Huawei doesn’t do much smartphone business in the US, so banning Huawei from selling phones to US consumers won’t change much. Huawei has made a few attempts to break into the US market, but pressure from Congress on Huawei’s individual business partners, like AT&T and Verizon, have caused them to walk away from deals with the company. Besides smartphones, Huawei is also one of the biggest suppliers of network and telecom equipment in the world, and this ban will keep the company’s routers, towers, and other equipment out of US networks. An earlier Reuters report detailed the problem the ban would cause in rural states like Wyoming and Oregon, which have adopted Huawei equipment.

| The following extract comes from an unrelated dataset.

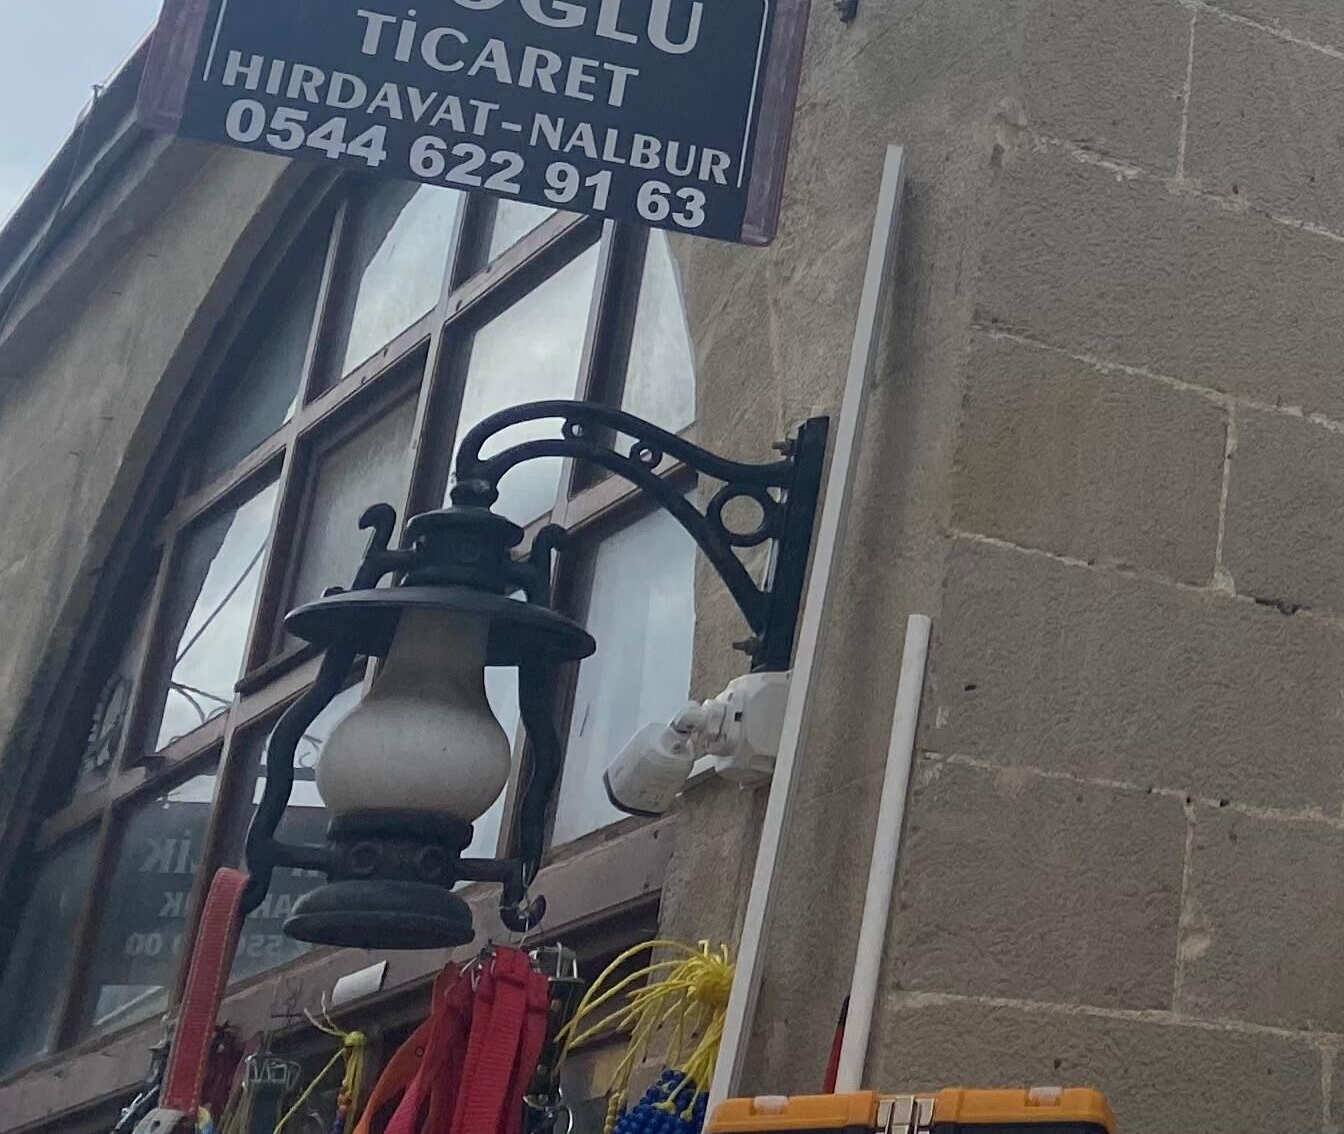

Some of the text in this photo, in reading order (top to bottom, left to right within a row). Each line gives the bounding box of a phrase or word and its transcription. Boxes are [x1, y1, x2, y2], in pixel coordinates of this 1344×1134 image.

The real change here is the banning of US companies from supplying Huawei with software and hardware. Outside of China, this move is a death sentence for Huawei smartphones in places like Europe and India. There isn’t a single viable alternative to Google’s Android ecosystem, so Google-less Huawei smartphones would have a tough time in the market. The only company that has sort of made Google-less Android work is Amazon, which sells forked Android tablets that are so cheap and disposable they come in a six-pack. Amazon is also a US company, though, so the Amazon App Store presumably wouldn’t be available to Huawei, either.
Huawei’s explosive growth will probably be coming to an end, if the ban sticks.
In Huawei’s home nation of China, not much will change. Google doesn’t do much business in China, so the Play Store and Google Play Services do not exist there. The app store landscape is pretty fragmented as a result, with most OEMs running their own app store or licensing a third-party app store from other Chinese companies like Tencent or 360 Mobile.